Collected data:

_ _ _ _ _ _ _

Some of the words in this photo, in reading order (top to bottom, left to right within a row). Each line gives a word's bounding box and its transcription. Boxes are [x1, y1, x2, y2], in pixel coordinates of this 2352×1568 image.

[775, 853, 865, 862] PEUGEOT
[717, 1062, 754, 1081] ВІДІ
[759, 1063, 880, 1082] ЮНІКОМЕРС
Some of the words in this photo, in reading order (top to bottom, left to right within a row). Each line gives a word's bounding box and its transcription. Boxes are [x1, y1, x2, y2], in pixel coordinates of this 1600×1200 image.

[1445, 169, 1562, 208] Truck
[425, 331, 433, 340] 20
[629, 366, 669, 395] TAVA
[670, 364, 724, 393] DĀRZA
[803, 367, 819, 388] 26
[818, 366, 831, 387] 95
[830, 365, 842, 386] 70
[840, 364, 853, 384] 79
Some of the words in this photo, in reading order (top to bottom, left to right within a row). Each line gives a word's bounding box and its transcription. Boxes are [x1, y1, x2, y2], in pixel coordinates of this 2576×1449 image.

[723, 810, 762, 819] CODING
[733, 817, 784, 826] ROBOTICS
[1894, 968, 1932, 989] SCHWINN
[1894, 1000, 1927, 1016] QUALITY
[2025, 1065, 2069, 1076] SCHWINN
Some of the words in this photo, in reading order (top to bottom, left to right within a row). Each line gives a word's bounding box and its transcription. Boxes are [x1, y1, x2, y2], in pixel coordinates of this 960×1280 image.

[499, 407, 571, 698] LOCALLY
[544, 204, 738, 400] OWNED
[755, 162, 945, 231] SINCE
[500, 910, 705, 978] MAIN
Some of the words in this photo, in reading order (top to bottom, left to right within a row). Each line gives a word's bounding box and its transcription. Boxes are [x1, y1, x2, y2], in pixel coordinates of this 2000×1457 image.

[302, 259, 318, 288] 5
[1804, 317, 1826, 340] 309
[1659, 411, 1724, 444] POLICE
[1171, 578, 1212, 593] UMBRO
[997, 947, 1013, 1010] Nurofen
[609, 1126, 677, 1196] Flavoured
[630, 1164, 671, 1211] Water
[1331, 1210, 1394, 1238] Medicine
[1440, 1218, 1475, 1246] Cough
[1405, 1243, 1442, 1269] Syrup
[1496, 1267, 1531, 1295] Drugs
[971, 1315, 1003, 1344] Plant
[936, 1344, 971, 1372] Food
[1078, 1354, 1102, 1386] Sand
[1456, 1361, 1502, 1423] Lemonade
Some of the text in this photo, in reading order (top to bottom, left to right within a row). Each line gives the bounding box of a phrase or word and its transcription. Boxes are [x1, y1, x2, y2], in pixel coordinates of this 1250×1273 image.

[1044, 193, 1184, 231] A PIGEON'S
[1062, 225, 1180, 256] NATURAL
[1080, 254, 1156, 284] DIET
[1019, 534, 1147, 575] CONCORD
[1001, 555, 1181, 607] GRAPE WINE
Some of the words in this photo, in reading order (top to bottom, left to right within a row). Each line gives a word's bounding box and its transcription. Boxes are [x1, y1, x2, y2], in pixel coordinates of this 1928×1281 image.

_ _ _ _ _ _ _

Exercise aim: Without leaving anything out, output all of the data above exactly.

Written response:
Some of the words in this photo, in reading order (top to bottom, left to right within a row). Each line gives a word's bounding box and its transcription. Boxes are [x1, y1, x2, y2], in pixel coordinates of this 2352×1568 image.

[775, 853, 865, 862] PEUGEOT
[717, 1062, 754, 1081] ВІДІ
[759, 1063, 880, 1082] ЮНІКОМЕРС
Some of the words in this photo, in reading order (top to bottom, left to right within a row). Each line gives a word's bounding box and its transcription. Boxes are [x1, y1, x2, y2], in pixel coordinates of this 1600×1200 image.

[1445, 169, 1562, 208] Truck
[425, 331, 433, 340] 20
[629, 366, 669, 395] TAVA
[670, 364, 724, 393] DĀRZA
[803, 367, 819, 388] 26
[818, 366, 831, 387] 95
[830, 365, 842, 386] 70
[840, 364, 853, 384] 79
Some of the words in this photo, in reading order (top to bottom, left to right within a row). Each line gives a word's bounding box and its transcription. Boxes are [x1, y1, x2, y2], in pixel coordinates of this 2576×1449 image.

[723, 810, 762, 819] CODING
[733, 817, 784, 826] ROBOTICS
[1894, 968, 1932, 989] SCHWINN
[1894, 1000, 1927, 1016] QUALITY
[2025, 1065, 2069, 1076] SCHWINN
Some of the words in this photo, in reading order (top to bottom, left to right within a row). Each line gives a word's bounding box and its transcription. Boxes are [x1, y1, x2, y2], in pixel coordinates of this 960×1280 image.

[499, 407, 571, 698] LOCALLY
[544, 204, 738, 400] OWNED
[755, 162, 945, 231] SINCE
[500, 910, 705, 978] MAIN
Some of the words in this photo, in reading order (top to bottom, left to right within a row). Each line gives a word's bounding box and its transcription. Boxes are [x1, y1, x2, y2], in pixel coordinates of this 2000×1457 image.

[302, 259, 318, 288] 5
[1804, 317, 1826, 340] 309
[1659, 411, 1724, 444] POLICE
[1171, 578, 1212, 593] UMBRO
[997, 947, 1013, 1010] Nurofen
[609, 1126, 677, 1196] Flavoured
[630, 1164, 671, 1211] Water
[1331, 1210, 1394, 1238] Medicine
[1440, 1218, 1475, 1246] Cough
[1405, 1243, 1442, 1269] Syrup
[1496, 1267, 1531, 1295] Drugs
[971, 1315, 1003, 1344] Plant
[936, 1344, 971, 1372] Food
[1078, 1354, 1102, 1386] Sand
[1456, 1361, 1502, 1423] Lemonade
Some of the text in this photo, in reading order (top to bottom, left to right within a row). Each line gives the bounding box of a phrase or word and its transcription. Boxes are [x1, y1, x2, y2], in pixel coordinates of this 1250×1273 image.

[1044, 193, 1184, 231] A PIGEON'S
[1062, 225, 1180, 256] NATURAL
[1080, 254, 1156, 284] DIET
[1019, 534, 1147, 575] CONCORD
[1001, 555, 1181, 607] GRAPE WINE
Some of the words in this photo, in reading order (top to bottom, left to right within a row). Each line gives a word's bounding box and its transcription. Boxes are [x1, y1, x2, y2], in pixel coordinates of this 1928×1281 image.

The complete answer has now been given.